━━━━━ Records supplied ━━━━━

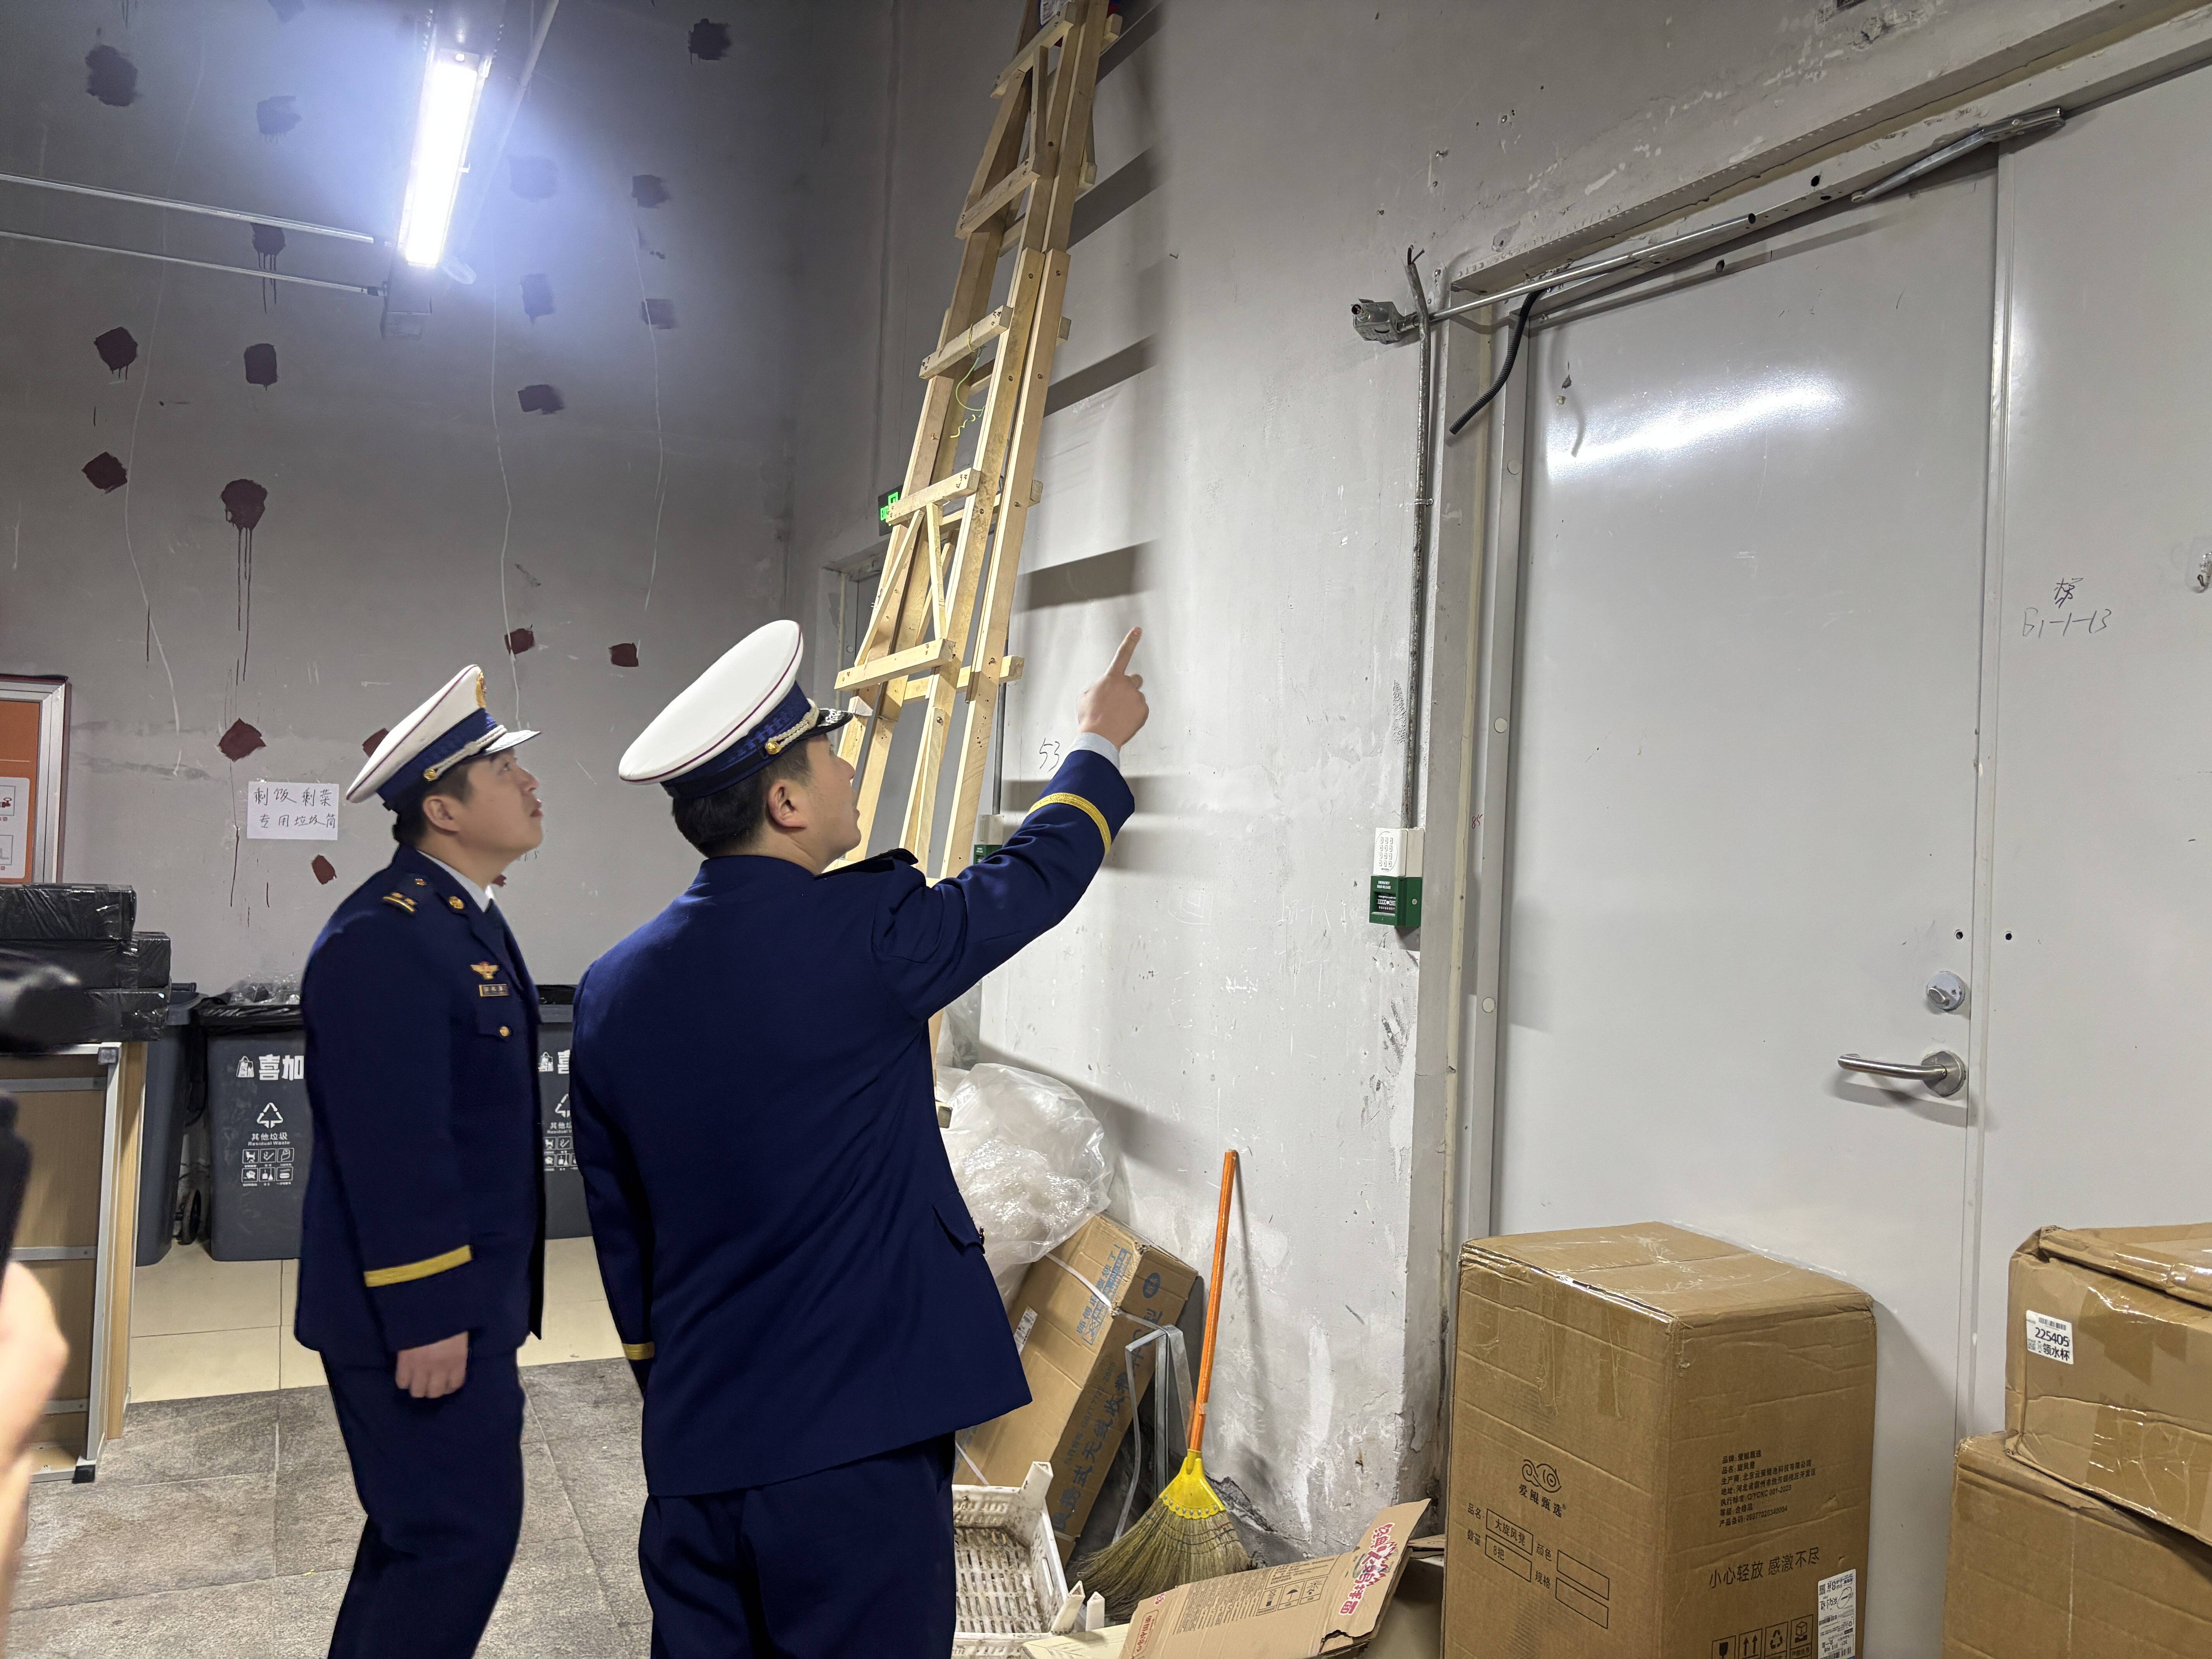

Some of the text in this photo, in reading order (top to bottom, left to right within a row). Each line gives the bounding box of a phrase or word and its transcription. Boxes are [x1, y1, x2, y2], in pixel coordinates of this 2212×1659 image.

[1039, 737, 1060, 773] 53
[251, 1132, 288, 1141] 其他垃圾
[2035, 1327, 2069, 1347] 225405
[1468, 1503, 1526, 1546] 品名 大旋风凳
[1536, 1543, 1552, 1562] 颜色
[1709, 1547, 1820, 1589] 小心轻放 感激不尽
[1535, 1571, 1551, 1589] 规格

━━━━━

> Problem description:
Leaving aside the images, write out the entries above word for word.

> Task answer:
Some of the text in this photo, in reading order (top to bottom, left to right within a row). Each line gives the bounding box of a phrase or word and its transcription. Boxes are [x1, y1, x2, y2], in pixel coordinates of this 2212×1659 image.

[1039, 737, 1060, 773] 53
[251, 1132, 288, 1141] 其他垃圾
[2035, 1327, 2069, 1347] 225405
[1468, 1503, 1526, 1546] 品名 大旋风凳
[1536, 1543, 1552, 1562] 颜色
[1709, 1547, 1820, 1589] 小心轻放 感激不尽
[1535, 1571, 1551, 1589] 规格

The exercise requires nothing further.